Records provided:
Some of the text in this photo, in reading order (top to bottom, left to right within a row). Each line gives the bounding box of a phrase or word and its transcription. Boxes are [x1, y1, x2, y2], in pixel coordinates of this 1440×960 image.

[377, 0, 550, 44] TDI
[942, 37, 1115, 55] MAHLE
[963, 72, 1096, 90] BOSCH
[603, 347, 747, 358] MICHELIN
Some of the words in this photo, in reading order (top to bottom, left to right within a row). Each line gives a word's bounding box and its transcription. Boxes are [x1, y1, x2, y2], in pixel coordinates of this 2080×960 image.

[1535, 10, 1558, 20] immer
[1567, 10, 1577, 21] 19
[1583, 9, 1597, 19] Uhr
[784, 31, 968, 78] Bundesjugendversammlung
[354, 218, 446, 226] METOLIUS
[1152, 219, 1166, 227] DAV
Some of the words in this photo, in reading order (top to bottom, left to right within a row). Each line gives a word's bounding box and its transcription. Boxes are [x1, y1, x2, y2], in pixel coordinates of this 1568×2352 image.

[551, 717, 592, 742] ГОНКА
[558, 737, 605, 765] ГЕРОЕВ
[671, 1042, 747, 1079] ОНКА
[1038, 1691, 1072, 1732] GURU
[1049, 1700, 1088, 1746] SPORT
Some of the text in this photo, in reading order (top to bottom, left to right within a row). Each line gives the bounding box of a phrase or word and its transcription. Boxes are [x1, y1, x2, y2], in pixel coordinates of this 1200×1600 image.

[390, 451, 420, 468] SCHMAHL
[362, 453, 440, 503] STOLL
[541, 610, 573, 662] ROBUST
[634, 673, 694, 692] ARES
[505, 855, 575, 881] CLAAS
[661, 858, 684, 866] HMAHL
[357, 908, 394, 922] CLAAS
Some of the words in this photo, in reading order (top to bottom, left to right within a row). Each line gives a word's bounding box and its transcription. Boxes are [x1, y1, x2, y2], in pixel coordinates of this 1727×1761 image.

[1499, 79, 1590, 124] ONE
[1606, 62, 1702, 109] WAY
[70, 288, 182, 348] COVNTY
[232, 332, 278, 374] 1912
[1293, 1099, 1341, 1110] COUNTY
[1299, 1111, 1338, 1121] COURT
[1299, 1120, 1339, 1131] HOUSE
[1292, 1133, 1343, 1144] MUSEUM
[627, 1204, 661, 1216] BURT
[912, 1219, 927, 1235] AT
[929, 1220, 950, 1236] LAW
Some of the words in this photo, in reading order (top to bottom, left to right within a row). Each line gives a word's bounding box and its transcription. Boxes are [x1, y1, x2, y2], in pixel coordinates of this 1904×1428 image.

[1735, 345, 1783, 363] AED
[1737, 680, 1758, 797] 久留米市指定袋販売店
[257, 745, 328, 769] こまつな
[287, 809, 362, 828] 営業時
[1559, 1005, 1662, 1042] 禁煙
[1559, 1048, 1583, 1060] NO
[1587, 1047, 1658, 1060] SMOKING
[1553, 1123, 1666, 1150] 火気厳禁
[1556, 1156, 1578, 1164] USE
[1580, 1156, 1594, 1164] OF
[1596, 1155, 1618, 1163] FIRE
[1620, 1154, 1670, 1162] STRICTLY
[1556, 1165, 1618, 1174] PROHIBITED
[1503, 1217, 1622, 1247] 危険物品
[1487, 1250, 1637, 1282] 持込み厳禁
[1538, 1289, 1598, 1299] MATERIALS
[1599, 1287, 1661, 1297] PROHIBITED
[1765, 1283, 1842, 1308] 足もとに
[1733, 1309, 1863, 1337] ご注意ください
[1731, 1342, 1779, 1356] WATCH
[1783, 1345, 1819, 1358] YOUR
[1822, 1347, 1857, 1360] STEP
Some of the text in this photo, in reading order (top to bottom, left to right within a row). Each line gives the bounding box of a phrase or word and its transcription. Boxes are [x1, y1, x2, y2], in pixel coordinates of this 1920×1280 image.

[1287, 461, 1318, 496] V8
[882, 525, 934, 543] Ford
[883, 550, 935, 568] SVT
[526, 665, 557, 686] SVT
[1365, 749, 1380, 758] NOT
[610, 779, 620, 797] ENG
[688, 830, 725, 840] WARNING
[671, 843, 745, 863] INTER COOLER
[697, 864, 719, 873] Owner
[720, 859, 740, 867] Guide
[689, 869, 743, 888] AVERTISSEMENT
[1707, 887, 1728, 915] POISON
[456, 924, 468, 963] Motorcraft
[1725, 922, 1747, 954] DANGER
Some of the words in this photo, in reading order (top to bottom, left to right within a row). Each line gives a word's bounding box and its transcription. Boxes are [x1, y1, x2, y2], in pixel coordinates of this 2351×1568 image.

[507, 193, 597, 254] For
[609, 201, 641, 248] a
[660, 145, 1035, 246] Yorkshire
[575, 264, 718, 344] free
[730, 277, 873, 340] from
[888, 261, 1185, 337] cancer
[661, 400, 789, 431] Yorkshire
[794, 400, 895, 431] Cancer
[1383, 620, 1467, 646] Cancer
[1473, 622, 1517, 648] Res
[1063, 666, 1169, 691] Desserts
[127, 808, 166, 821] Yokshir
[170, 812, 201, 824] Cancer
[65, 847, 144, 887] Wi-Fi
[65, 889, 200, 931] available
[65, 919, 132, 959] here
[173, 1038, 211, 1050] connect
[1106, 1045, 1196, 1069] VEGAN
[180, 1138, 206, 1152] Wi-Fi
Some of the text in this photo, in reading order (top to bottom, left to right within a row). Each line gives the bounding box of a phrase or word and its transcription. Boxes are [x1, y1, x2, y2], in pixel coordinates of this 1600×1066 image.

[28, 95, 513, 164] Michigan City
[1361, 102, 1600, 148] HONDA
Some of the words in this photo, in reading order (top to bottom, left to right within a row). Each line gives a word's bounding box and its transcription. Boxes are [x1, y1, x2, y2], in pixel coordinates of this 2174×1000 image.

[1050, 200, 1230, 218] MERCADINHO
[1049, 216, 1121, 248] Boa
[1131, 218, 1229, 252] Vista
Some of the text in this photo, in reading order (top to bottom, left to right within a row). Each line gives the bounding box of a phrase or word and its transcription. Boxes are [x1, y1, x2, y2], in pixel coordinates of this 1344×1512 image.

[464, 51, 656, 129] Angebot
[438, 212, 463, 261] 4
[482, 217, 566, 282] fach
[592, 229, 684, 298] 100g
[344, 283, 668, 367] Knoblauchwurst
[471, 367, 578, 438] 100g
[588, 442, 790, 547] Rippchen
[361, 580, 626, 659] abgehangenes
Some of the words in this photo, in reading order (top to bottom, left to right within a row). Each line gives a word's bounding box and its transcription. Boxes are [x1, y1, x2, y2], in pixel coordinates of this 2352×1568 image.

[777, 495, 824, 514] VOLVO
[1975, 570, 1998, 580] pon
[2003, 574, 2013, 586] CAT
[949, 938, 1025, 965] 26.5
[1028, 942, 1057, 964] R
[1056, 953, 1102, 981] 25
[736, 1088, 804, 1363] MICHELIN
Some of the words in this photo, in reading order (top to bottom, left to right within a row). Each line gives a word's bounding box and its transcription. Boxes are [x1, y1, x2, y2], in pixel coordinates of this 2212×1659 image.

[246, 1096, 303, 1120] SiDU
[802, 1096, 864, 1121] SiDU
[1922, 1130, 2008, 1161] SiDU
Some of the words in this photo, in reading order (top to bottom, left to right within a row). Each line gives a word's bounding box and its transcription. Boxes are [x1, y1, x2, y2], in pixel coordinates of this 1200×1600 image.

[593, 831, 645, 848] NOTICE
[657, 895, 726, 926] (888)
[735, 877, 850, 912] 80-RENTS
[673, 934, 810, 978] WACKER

What to work on: Take the lines above and retype all of them exactly.

Response below:
Some of the text in this photo, in reading order (top to bottom, left to right within a row). Each line gives the bounding box of a phrase or word and its transcription. Boxes are [x1, y1, x2, y2], in pixel coordinates of this 1440×960 image.

[377, 0, 550, 44] TDI
[942, 37, 1115, 55] MAHLE
[963, 72, 1096, 90] BOSCH
[603, 347, 747, 358] MICHELIN
Some of the words in this photo, in reading order (top to bottom, left to right within a row). Each line gives a word's bounding box and its transcription. Boxes are [x1, y1, x2, y2], in pixel coordinates of this 2080×960 image.

[1535, 10, 1558, 20] immer
[1567, 10, 1577, 21] 19
[1583, 9, 1597, 19] Uhr
[784, 31, 968, 78] Bundesjugendversammlung
[354, 218, 446, 226] METOLIUS
[1152, 219, 1166, 227] DAV
Some of the words in this photo, in reading order (top to bottom, left to right within a row). Each line gives a word's bounding box and its transcription. Boxes are [x1, y1, x2, y2], in pixel coordinates of this 1568×2352 image.

[551, 717, 592, 742] ГОНКА
[558, 737, 605, 765] ГЕРОЕВ
[671, 1042, 747, 1079] ОНКА
[1038, 1691, 1072, 1732] GURU
[1049, 1700, 1088, 1746] SPORT
Some of the text in this photo, in reading order (top to bottom, left to right within a row). Each line gives the bounding box of a phrase or word and its transcription. Boxes are [x1, y1, x2, y2], in pixel coordinates of this 1200×1600 image.

[390, 451, 420, 468] SCHMAHL
[362, 453, 440, 503] STOLL
[541, 610, 573, 662] ROBUST
[634, 673, 694, 692] ARES
[505, 855, 575, 881] CLAAS
[661, 858, 684, 866] HMAHL
[357, 908, 394, 922] CLAAS
Some of the words in this photo, in reading order (top to bottom, left to right within a row). Each line gives a word's bounding box and its transcription. Boxes are [x1, y1, x2, y2], in pixel coordinates of this 1727×1761 image.

[1499, 79, 1590, 124] ONE
[1606, 62, 1702, 109] WAY
[70, 288, 182, 348] COVNTY
[232, 332, 278, 374] 1912
[1293, 1099, 1341, 1110] COUNTY
[1299, 1111, 1338, 1121] COURT
[1299, 1120, 1339, 1131] HOUSE
[1292, 1133, 1343, 1144] MUSEUM
[627, 1204, 661, 1216] BURT
[912, 1219, 927, 1235] AT
[929, 1220, 950, 1236] LAW
Some of the words in this photo, in reading order (top to bottom, left to right within a row). Each line gives a word's bounding box and its transcription. Boxes are [x1, y1, x2, y2], in pixel coordinates of this 1904×1428 image.

[1735, 345, 1783, 363] AED
[1737, 680, 1758, 797] 久留米市指定袋販売店
[257, 745, 328, 769] こまつな
[287, 809, 362, 828] 営業時
[1559, 1005, 1662, 1042] 禁煙
[1559, 1048, 1583, 1060] NO
[1587, 1047, 1658, 1060] SMOKING
[1553, 1123, 1666, 1150] 火気厳禁
[1556, 1156, 1578, 1164] USE
[1580, 1156, 1594, 1164] OF
[1596, 1155, 1618, 1163] FIRE
[1620, 1154, 1670, 1162] STRICTLY
[1556, 1165, 1618, 1174] PROHIBITED
[1503, 1217, 1622, 1247] 危険物品
[1487, 1250, 1637, 1282] 持込み厳禁
[1538, 1289, 1598, 1299] MATERIALS
[1599, 1287, 1661, 1297] PROHIBITED
[1765, 1283, 1842, 1308] 足もとに
[1733, 1309, 1863, 1337] ご注意ください
[1731, 1342, 1779, 1356] WATCH
[1783, 1345, 1819, 1358] YOUR
[1822, 1347, 1857, 1360] STEP
Some of the text in this photo, in reading order (top to bottom, left to right within a row). Each line gives the bounding box of a phrase or word and its transcription. Boxes are [x1, y1, x2, y2], in pixel coordinates of this 1920×1280 image.

[1287, 461, 1318, 496] V8
[882, 525, 934, 543] Ford
[883, 550, 935, 568] SVT
[526, 665, 557, 686] SVT
[1365, 749, 1380, 758] NOT
[610, 779, 620, 797] ENG
[688, 830, 725, 840] WARNING
[671, 843, 745, 863] INTER COOLER
[697, 864, 719, 873] Owner
[720, 859, 740, 867] Guide
[689, 869, 743, 888] AVERTISSEMENT
[1707, 887, 1728, 915] POISON
[456, 924, 468, 963] Motorcraft
[1725, 922, 1747, 954] DANGER
Some of the words in this photo, in reading order (top to bottom, left to right within a row). Each line gives a word's bounding box and its transcription. Boxes are [x1, y1, x2, y2], in pixel coordinates of this 2351×1568 image.

[507, 193, 597, 254] For
[609, 201, 641, 248] a
[660, 145, 1035, 246] Yorkshire
[575, 264, 718, 344] free
[730, 277, 873, 340] from
[888, 261, 1185, 337] cancer
[661, 400, 789, 431] Yorkshire
[794, 400, 895, 431] Cancer
[1383, 620, 1467, 646] Cancer
[1473, 622, 1517, 648] Res
[1063, 666, 1169, 691] Desserts
[127, 808, 166, 821] Yokshir
[170, 812, 201, 824] Cancer
[65, 847, 144, 887] Wi-Fi
[65, 889, 200, 931] available
[65, 919, 132, 959] here
[173, 1038, 211, 1050] connect
[1106, 1045, 1196, 1069] VEGAN
[180, 1138, 206, 1152] Wi-Fi
Some of the text in this photo, in reading order (top to bottom, left to right within a row). Each line gives the bounding box of a phrase or word and its transcription. Boxes are [x1, y1, x2, y2], in pixel coordinates of this 1600×1066 image.

[28, 95, 513, 164] Michigan City
[1361, 102, 1600, 148] HONDA
Some of the words in this photo, in reading order (top to bottom, left to right within a row). Each line gives a word's bounding box and its transcription. Boxes are [x1, y1, x2, y2], in pixel coordinates of this 2174×1000 image.

[1050, 200, 1230, 218] MERCADINHO
[1049, 216, 1121, 248] Boa
[1131, 218, 1229, 252] Vista
Some of the text in this photo, in reading order (top to bottom, left to right within a row). Each line gives the bounding box of a phrase or word and its transcription. Boxes are [x1, y1, x2, y2], in pixel coordinates of this 1344×1512 image.

[464, 51, 656, 129] Angebot
[438, 212, 463, 261] 4
[482, 217, 566, 282] fach
[592, 229, 684, 298] 100g
[344, 283, 668, 367] Knoblauchwurst
[471, 367, 578, 438] 100g
[588, 442, 790, 547] Rippchen
[361, 580, 626, 659] abgehangenes
Some of the words in this photo, in reading order (top to bottom, left to right within a row). Each line gives a word's bounding box and its transcription. Boxes are [x1, y1, x2, y2], in pixel coordinates of this 2352×1568 image.

[777, 495, 824, 514] VOLVO
[1975, 570, 1998, 580] pon
[2003, 574, 2013, 586] CAT
[949, 938, 1025, 965] 26.5
[1028, 942, 1057, 964] R
[1056, 953, 1102, 981] 25
[736, 1088, 804, 1363] MICHELIN
Some of the words in this photo, in reading order (top to bottom, left to right within a row). Each line gives a word's bounding box and its transcription. Boxes are [x1, y1, x2, y2], in pixel coordinates of this 2212×1659 image.

[246, 1096, 303, 1120] SiDU
[802, 1096, 864, 1121] SiDU
[1922, 1130, 2008, 1161] SiDU
Some of the words in this photo, in reading order (top to bottom, left to right within a row). Each line gives a word's bounding box and its transcription. Boxes are [x1, y1, x2, y2], in pixel coordinates of this 1200×1600 image.

[593, 831, 645, 848] NOTICE
[657, 895, 726, 926] (888)
[735, 877, 850, 912] 80-RENTS
[673, 934, 810, 978] WACKER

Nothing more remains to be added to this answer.